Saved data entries

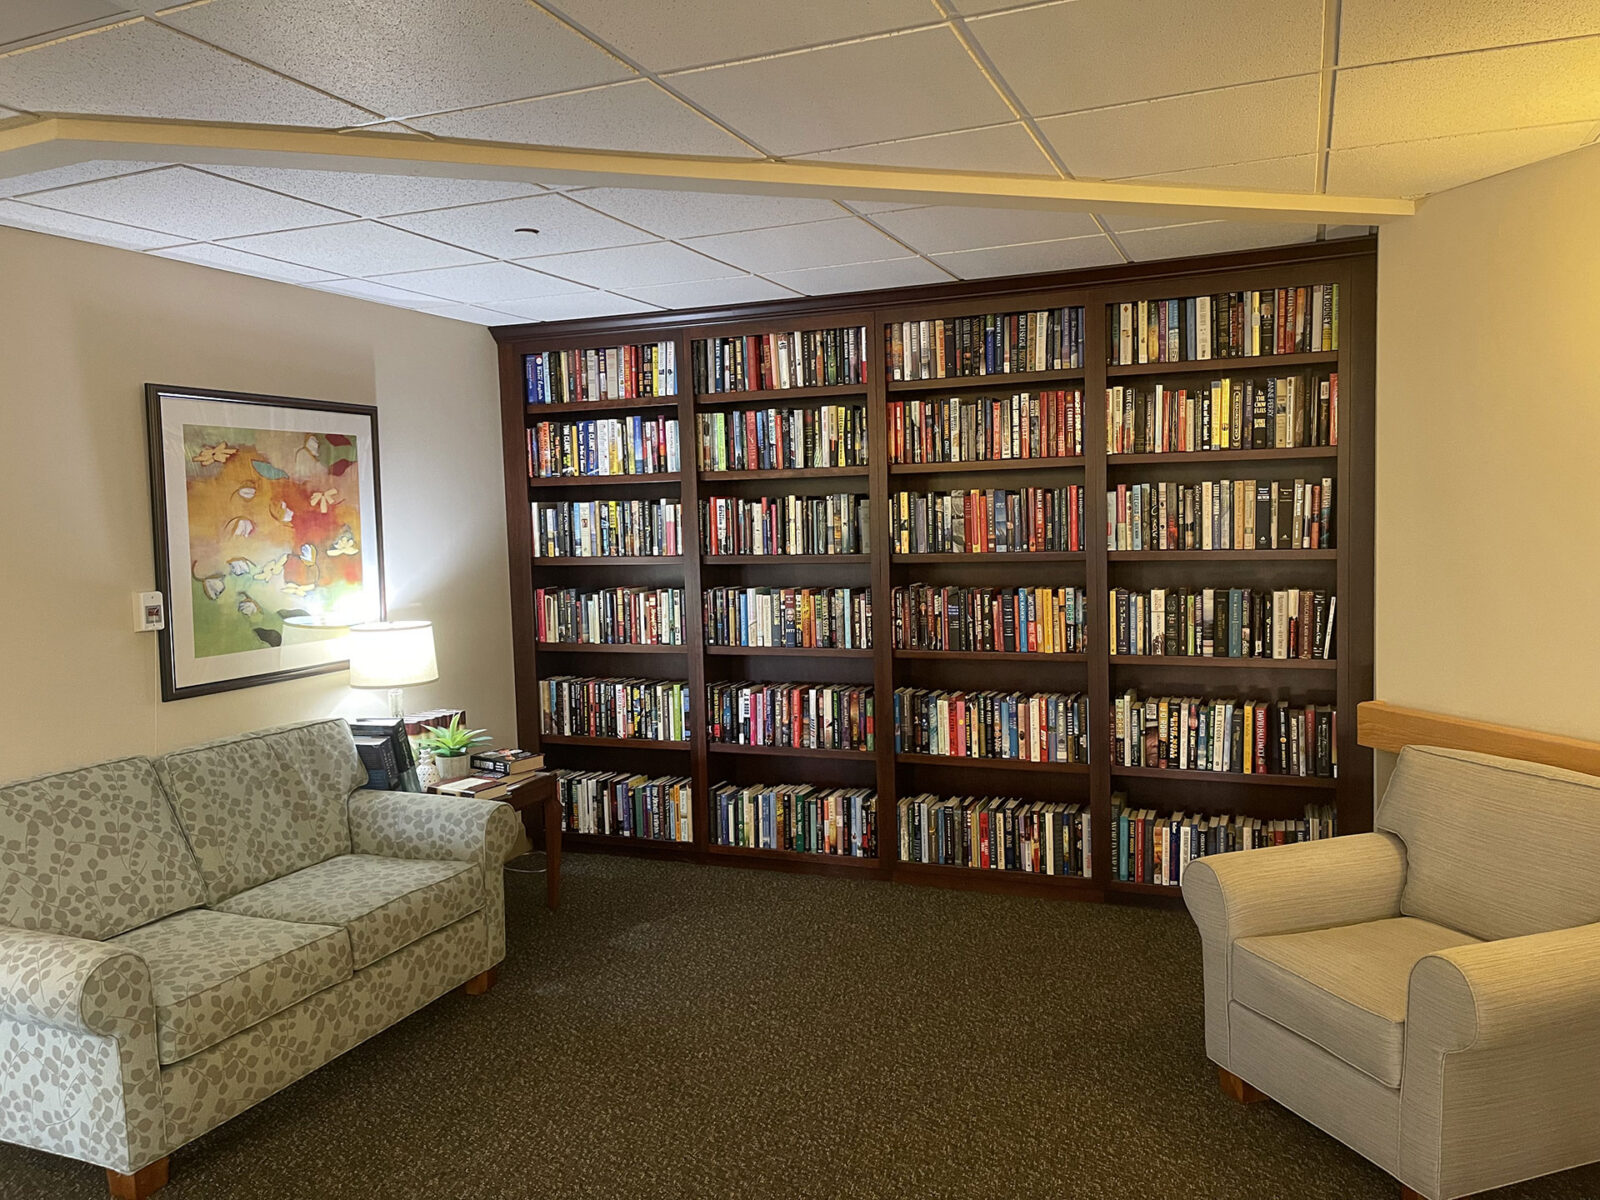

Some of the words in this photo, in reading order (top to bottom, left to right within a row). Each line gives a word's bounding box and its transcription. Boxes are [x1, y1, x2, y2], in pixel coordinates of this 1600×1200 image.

[1256, 395, 1264, 403] THE
[563, 436, 571, 454] CLANCY
[1257, 709, 1265, 728] DAVID
[1256, 728, 1265, 757] BALDACCI
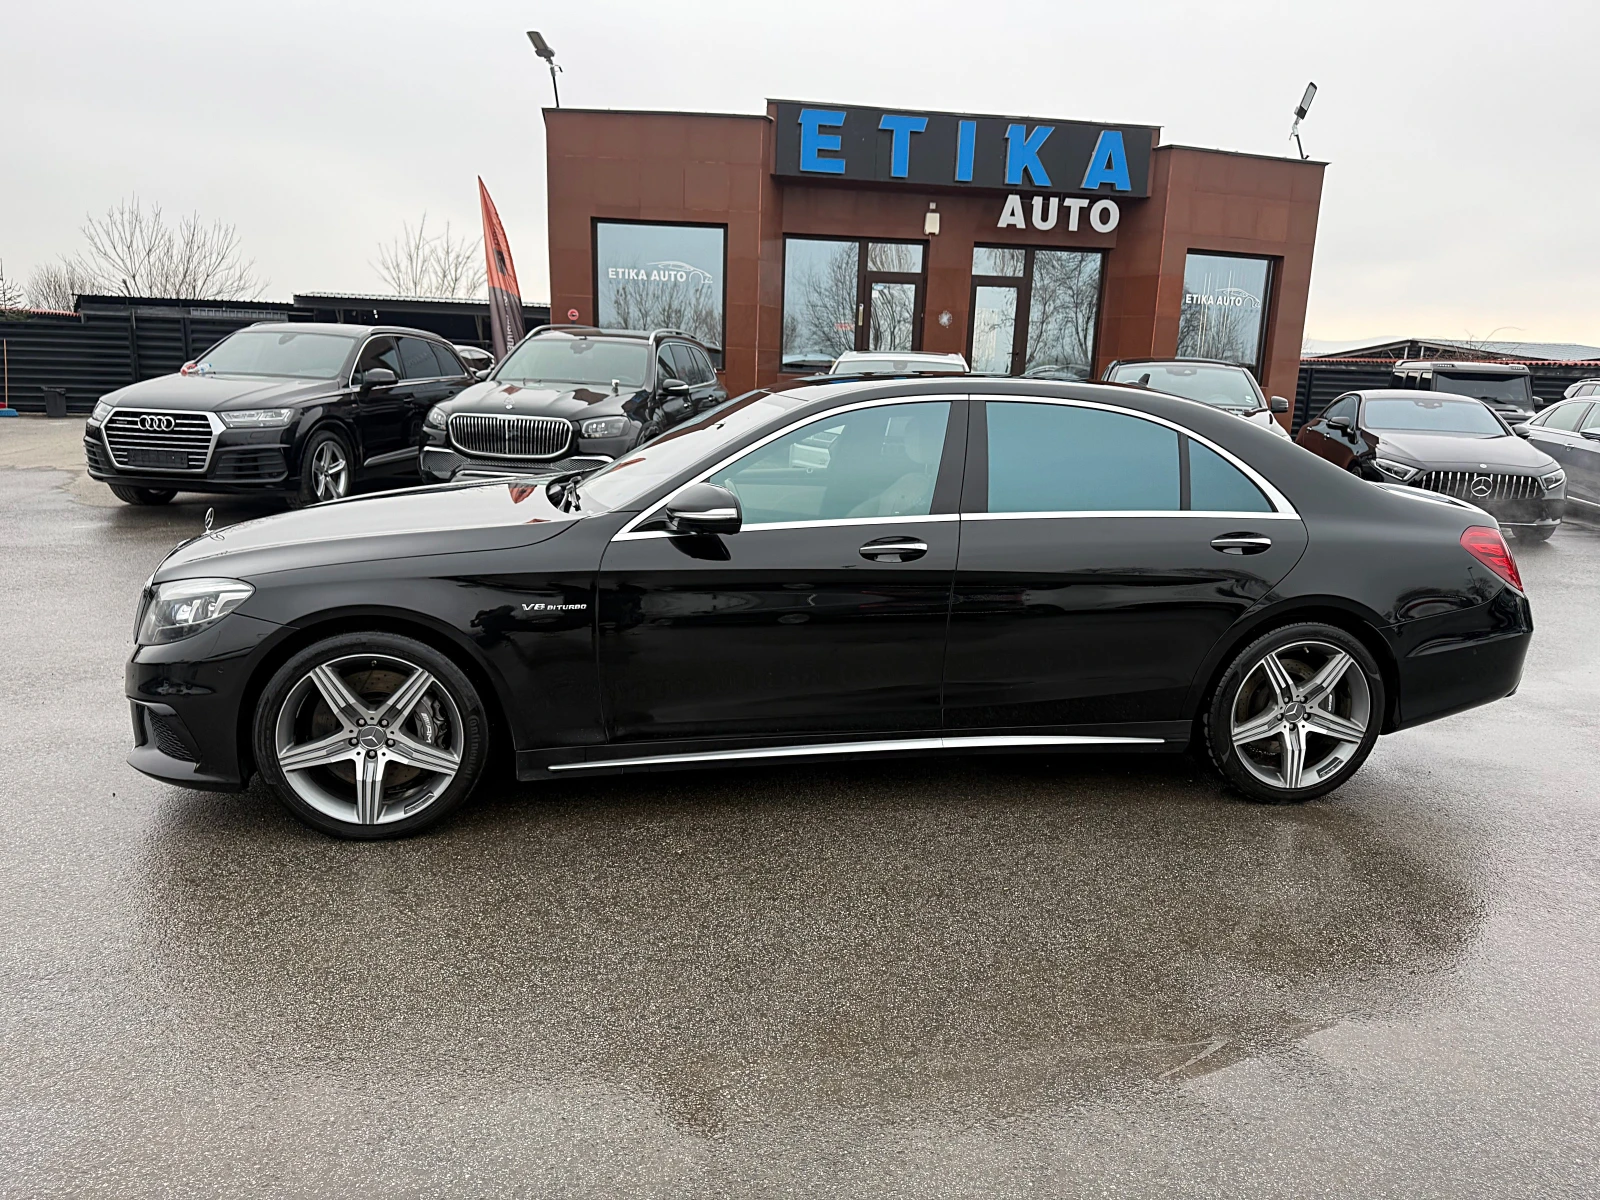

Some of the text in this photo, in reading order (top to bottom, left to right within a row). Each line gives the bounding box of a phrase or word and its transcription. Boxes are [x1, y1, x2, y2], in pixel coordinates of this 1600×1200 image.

[798, 108, 1132, 191] ETIKA
[997, 194, 1120, 233] AUTO
[608, 268, 687, 282] ETIKA AUTO
[1185, 294, 1242, 307] ETIKA AUTO
[521, 603, 545, 611] V8
[464, 715, 481, 778] Continental
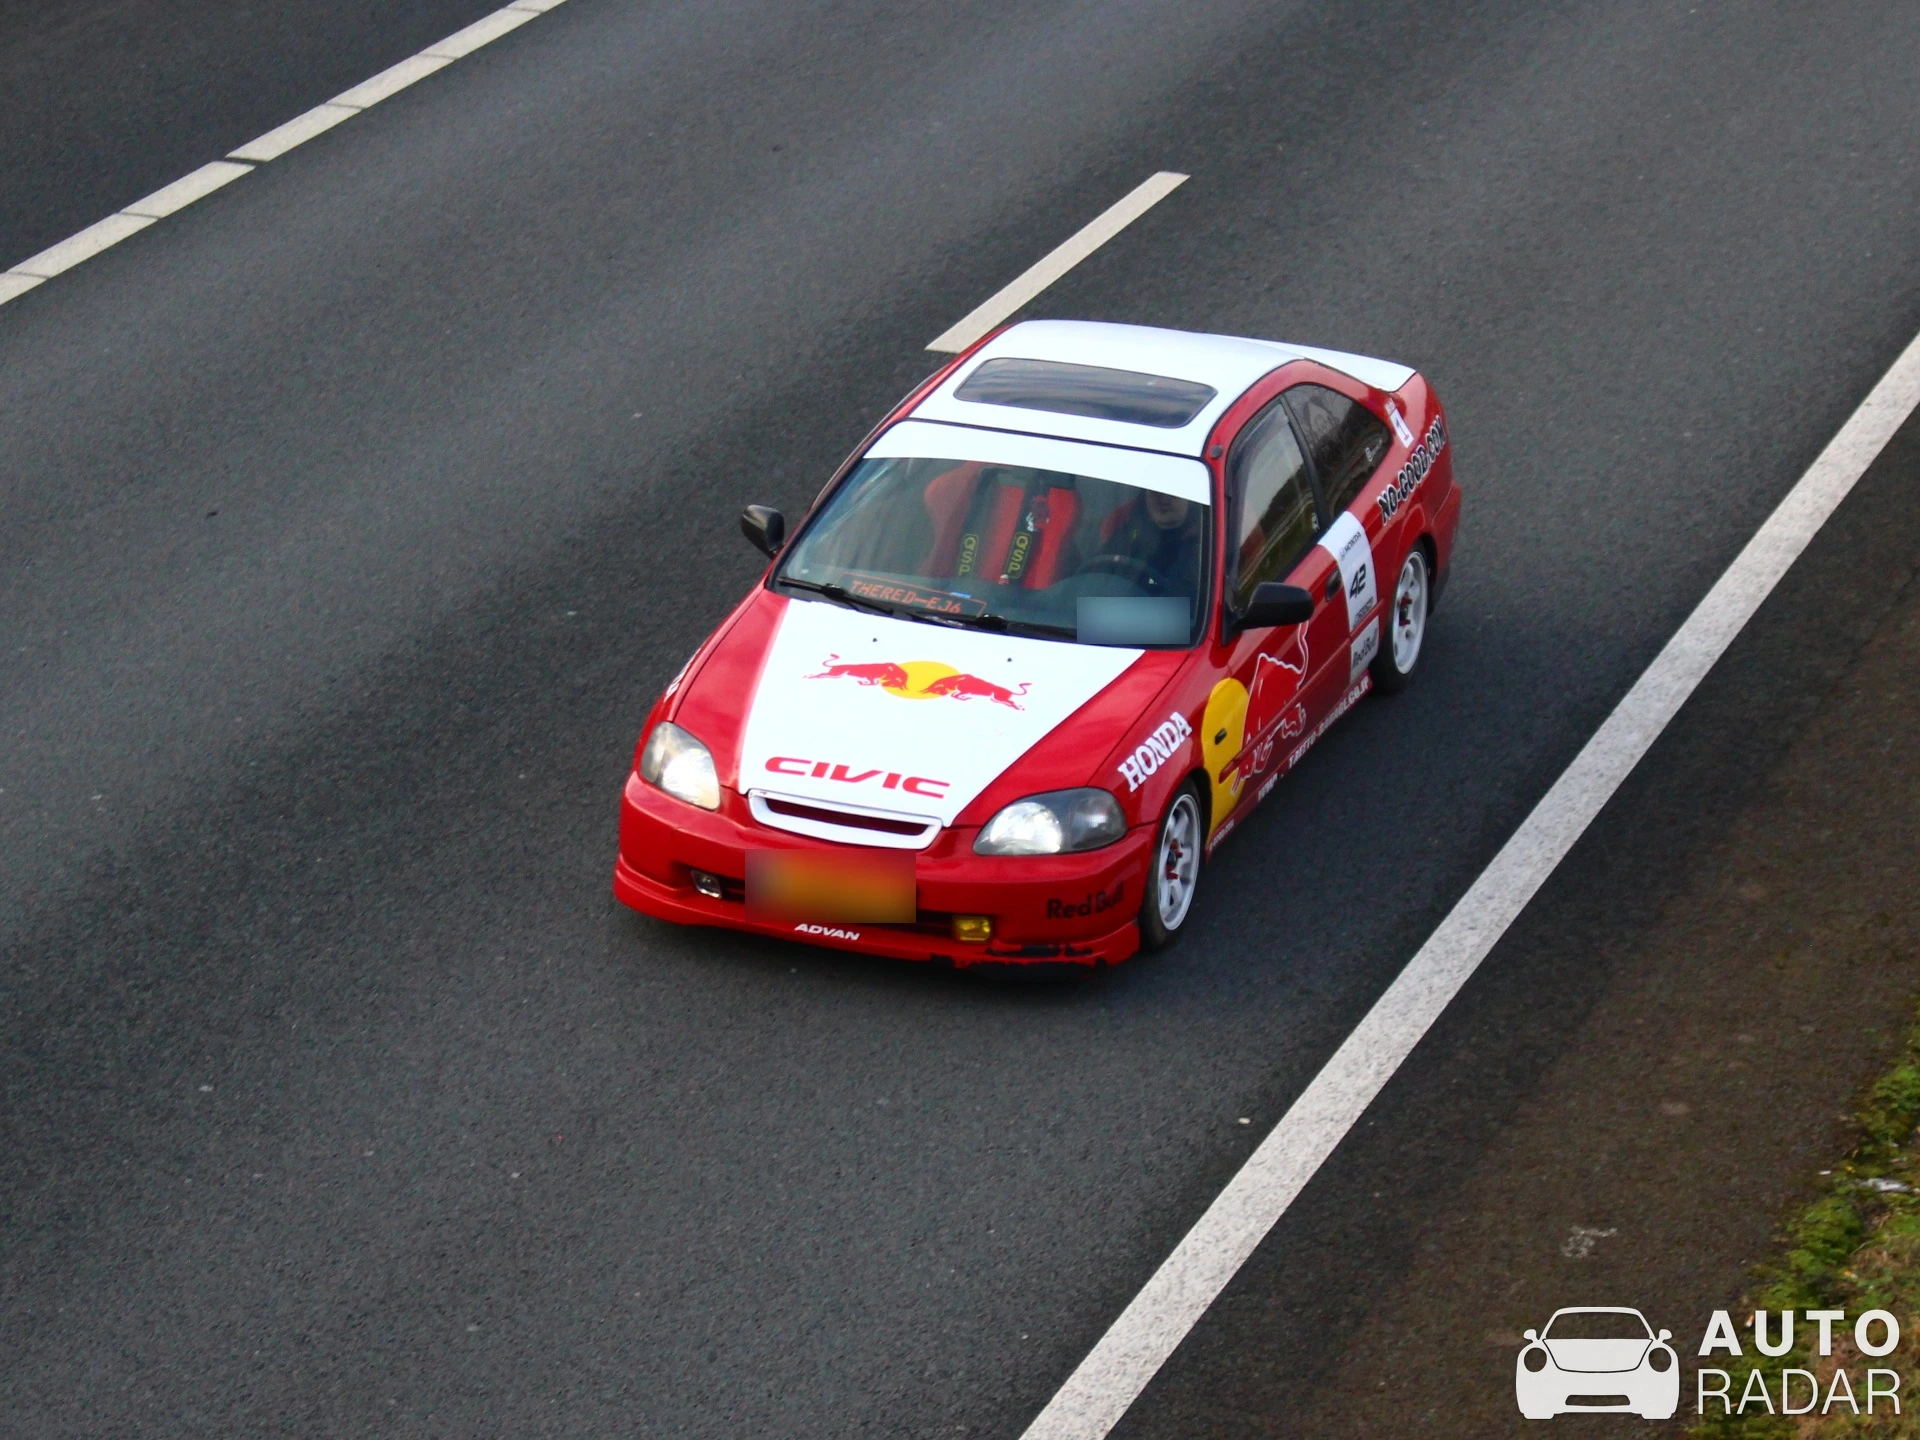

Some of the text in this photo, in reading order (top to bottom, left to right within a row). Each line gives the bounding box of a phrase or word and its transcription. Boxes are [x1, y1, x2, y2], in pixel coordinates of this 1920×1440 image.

[958, 536, 977, 576] QSP
[1008, 535, 1029, 574] QSP
[1349, 563, 1367, 600] 42
[1117, 711, 1194, 793] HONDA
[765, 756, 950, 799] CIVIC
[1046, 893, 1092, 919] Red
[794, 923, 860, 941] ADVAN
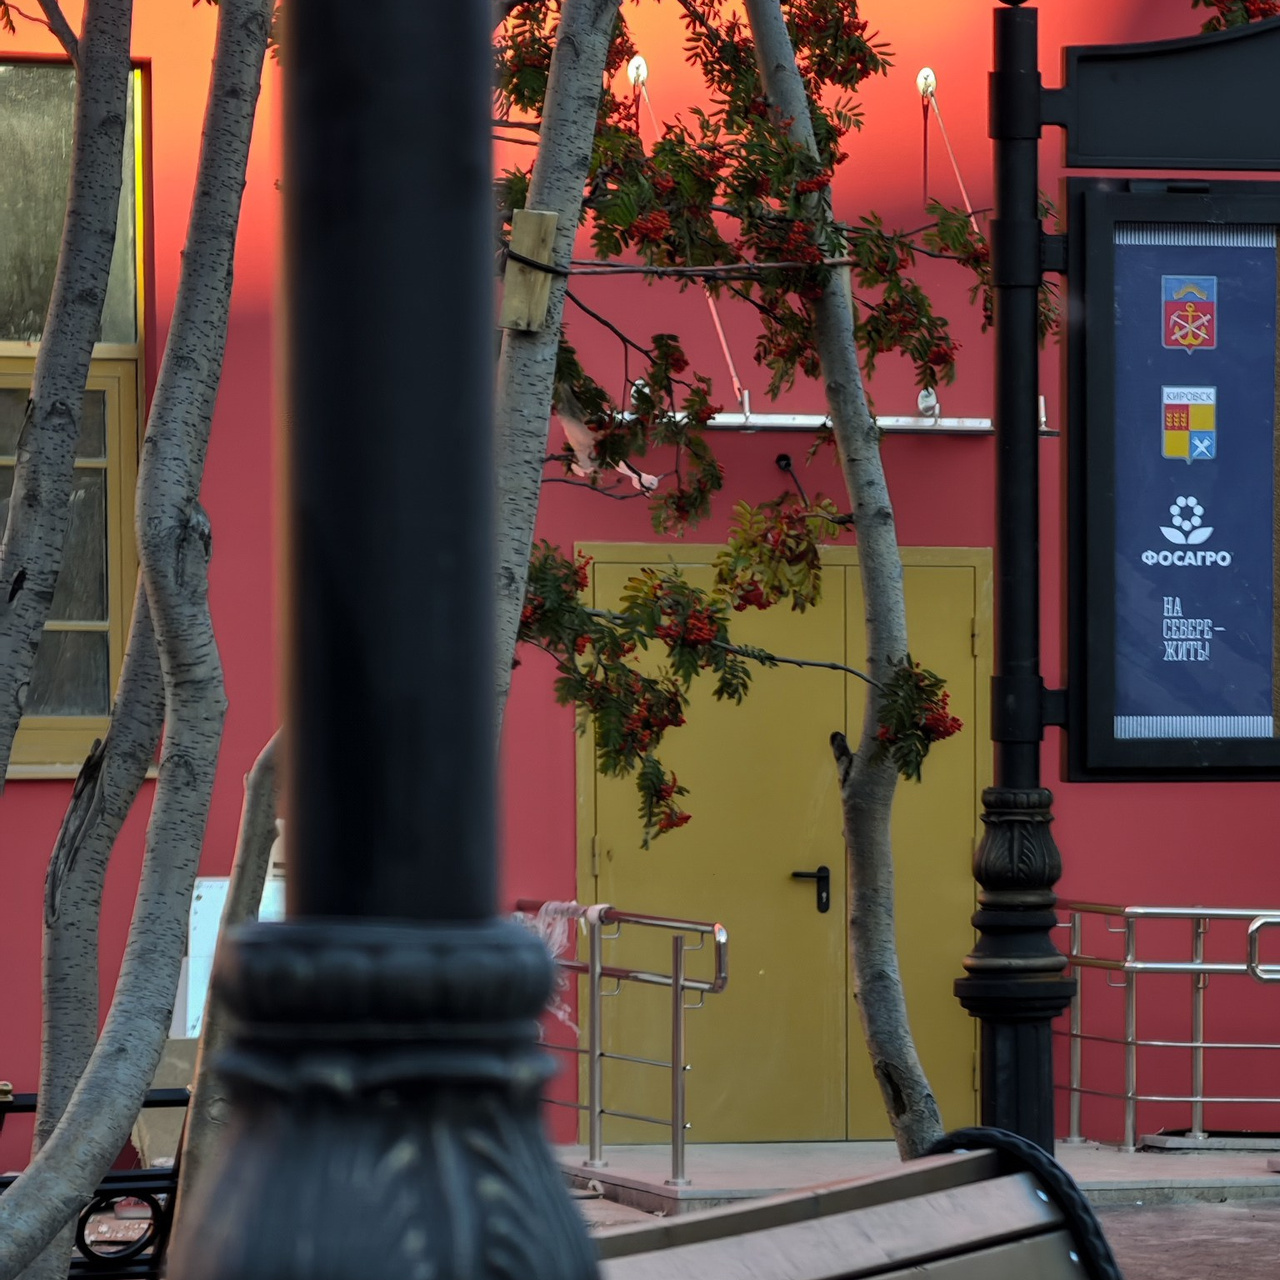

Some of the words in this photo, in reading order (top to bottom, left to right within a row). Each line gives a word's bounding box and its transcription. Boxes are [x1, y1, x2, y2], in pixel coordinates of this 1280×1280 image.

[1141, 550, 1232, 567] ФОСАГРО
[1163, 596, 1183, 617] НА
[1162, 640, 1210, 661] ЖИТЬ!

_Task goal:_ Provide an exact copy of the records, excluding every picture.

_Task response:_
Some of the words in this photo, in reading order (top to bottom, left to right within a row). Each line gives a word's bounding box and its transcription. Boxes are [x1, y1, x2, y2], in pixel coordinates of this 1600×1200 image.

[1256, 395, 1264, 403] THE
[563, 436, 571, 454] CLANCY
[1257, 709, 1265, 728] DAVID
[1256, 728, 1265, 757] BALDACCI

Some of the text in this photo, in reading order (top to bottom, left to right within a row). Each line gives the bounding box of a phrase or word and its transcription. Boxes are [x1, y1, x2, y2], in pixel coordinates of this 1600×1200 image.

[798, 108, 1132, 191] ETIKA
[997, 194, 1120, 233] AUTO
[608, 268, 687, 282] ETIKA AUTO
[1185, 294, 1242, 307] ETIKA AUTO
[521, 603, 545, 611] V8
[464, 715, 481, 778] Continental

Some of the text in this photo, in reading order (top to bottom, left to right within a row). Each line gives the bounding box of a phrase or word and its transcription. Boxes are [x1, y1, x2, y2], in pixel coordinates of this 1920×1440 image.

[958, 536, 977, 576] QSP
[1008, 535, 1029, 574] QSP
[1349, 563, 1367, 600] 42
[1117, 711, 1194, 793] HONDA
[765, 756, 950, 799] CIVIC
[1046, 893, 1092, 919] Red
[794, 923, 860, 941] ADVAN

Some of the words in this photo, in reading order (top to bottom, left to right within a row). Each line gives a word's bounding box and its transcription. Boxes are [x1, y1, x2, y2], in pixel coordinates of this 1280×1280 image.

[1141, 550, 1232, 567] ФОСАГРО
[1163, 596, 1183, 617] НА
[1162, 640, 1210, 661] ЖИТЬ!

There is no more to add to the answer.